- **ABOUT THIS EXERCISE**: Give a verbatim copy of the lines below, minus the pictures.

- **EXTRACTED RECORDS**:
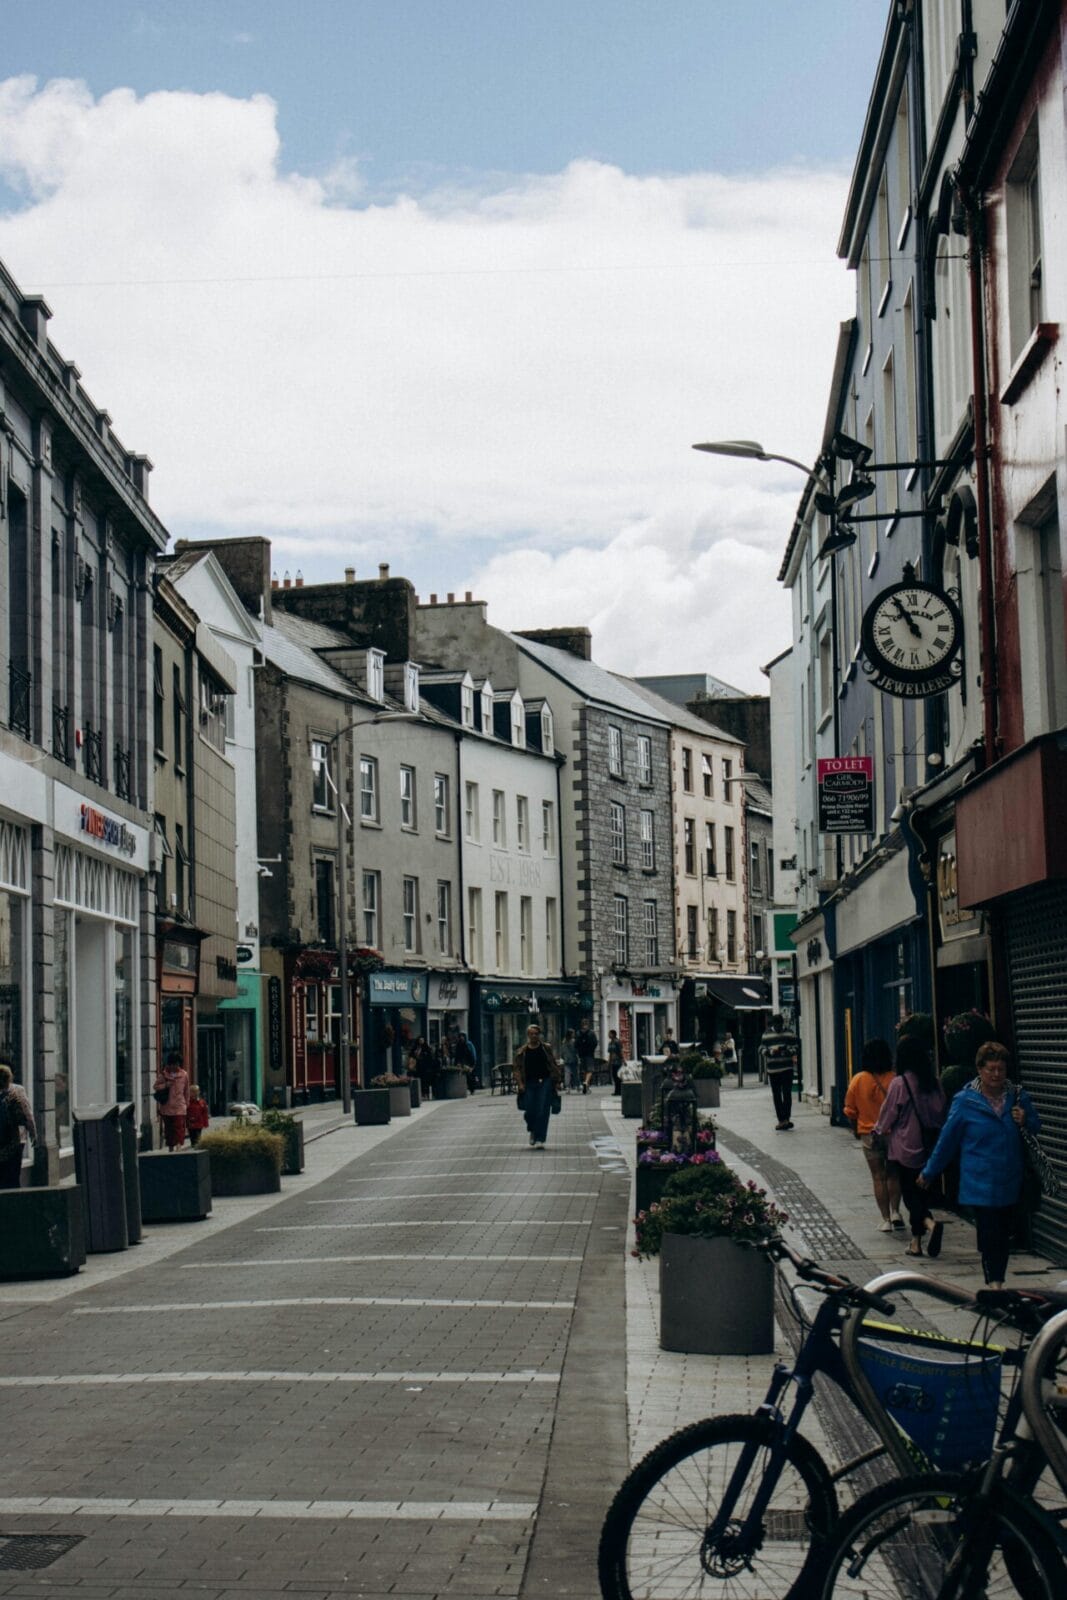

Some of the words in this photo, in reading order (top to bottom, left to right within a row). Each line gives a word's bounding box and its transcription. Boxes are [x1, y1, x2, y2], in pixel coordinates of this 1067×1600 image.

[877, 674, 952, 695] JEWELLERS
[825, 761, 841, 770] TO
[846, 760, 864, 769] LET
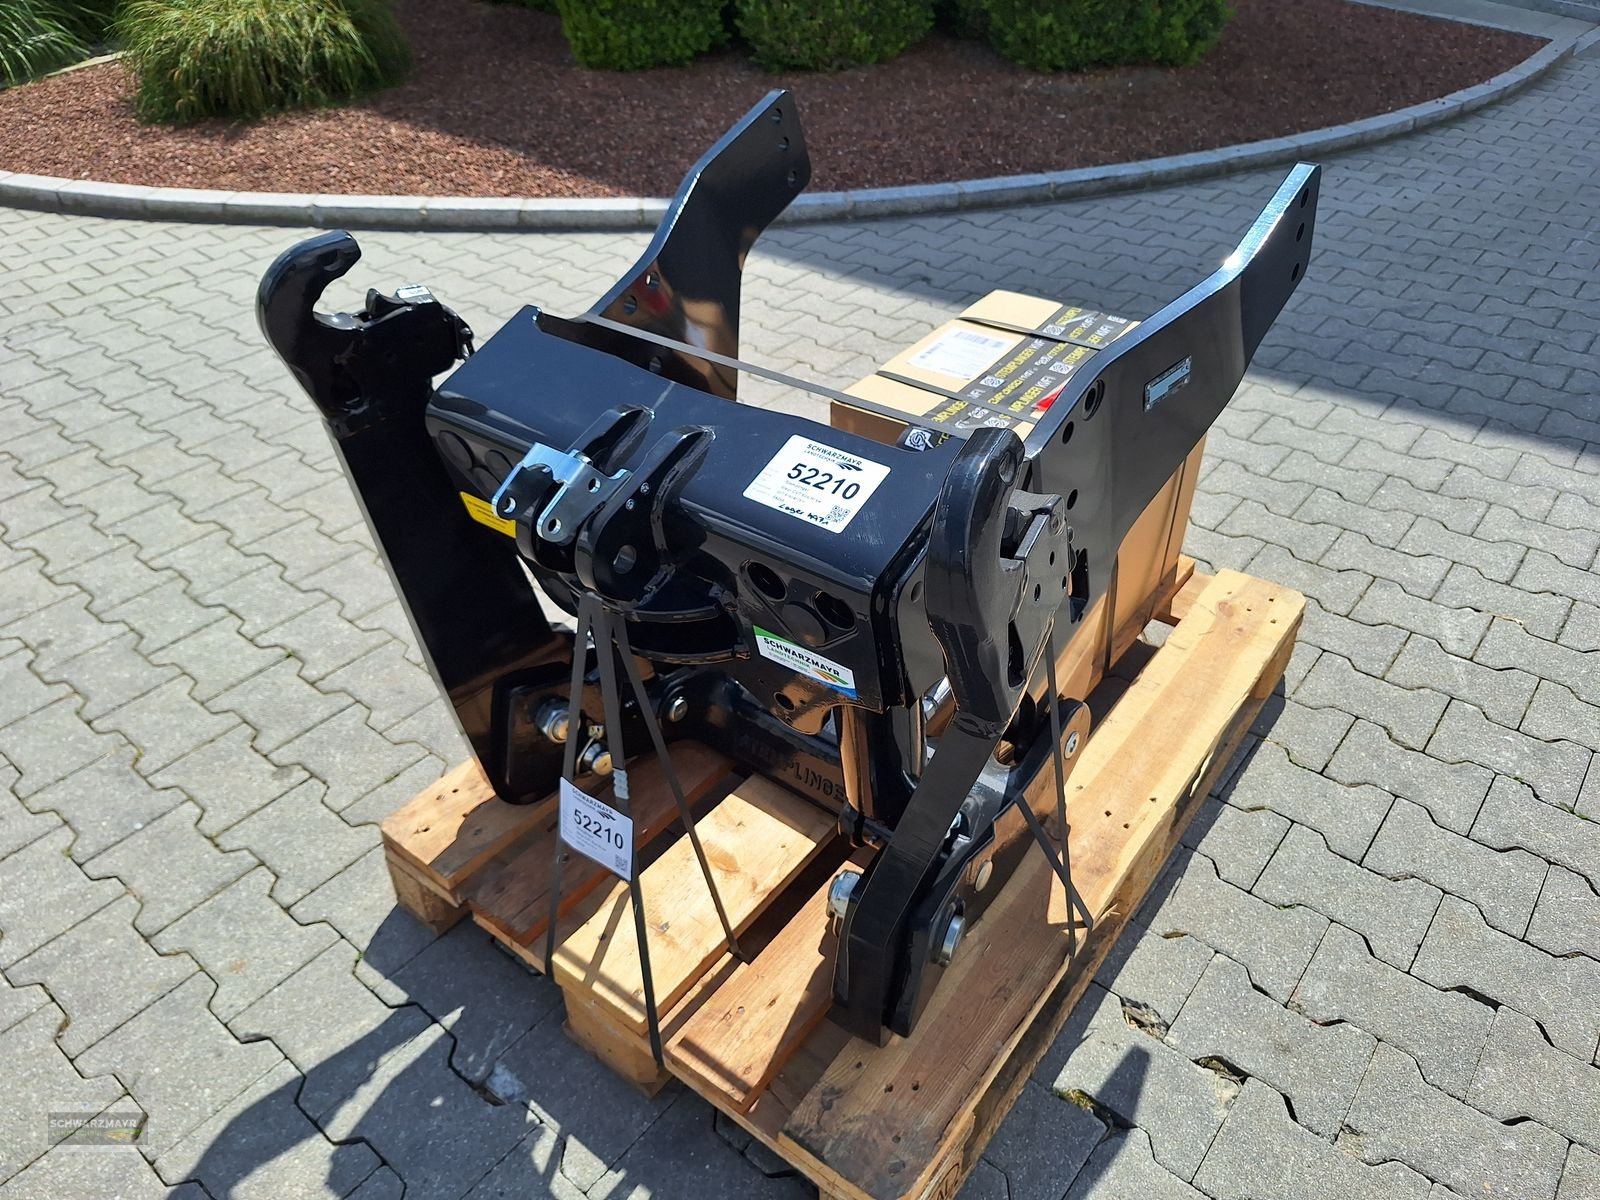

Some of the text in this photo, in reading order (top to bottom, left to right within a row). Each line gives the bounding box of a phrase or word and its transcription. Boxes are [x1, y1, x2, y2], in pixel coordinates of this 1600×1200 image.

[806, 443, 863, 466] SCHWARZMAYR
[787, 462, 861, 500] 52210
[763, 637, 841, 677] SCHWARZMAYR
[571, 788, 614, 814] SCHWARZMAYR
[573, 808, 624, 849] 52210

- **OUTPUT FOR THIS EXERCISE**:
Some of the words in this photo, in reading order (top to bottom, left to right within a row). Each line gives a word's bounding box and its transcription. Boxes are [x1, y1, x2, y2], in pixel coordinates of this 1067×1600 image.

[877, 674, 952, 695] JEWELLERS
[825, 761, 841, 770] TO
[846, 760, 864, 769] LET

Some of the text in this photo, in reading order (top to bottom, left to right within a row). Each line gives the bounding box of a phrase or word and its transcription. Boxes are [x1, y1, x2, y2], in pixel coordinates of this 1600×1200 image.

[806, 443, 863, 466] SCHWARZMAYR
[787, 462, 861, 500] 52210
[763, 637, 841, 677] SCHWARZMAYR
[571, 788, 614, 814] SCHWARZMAYR
[573, 808, 624, 849] 52210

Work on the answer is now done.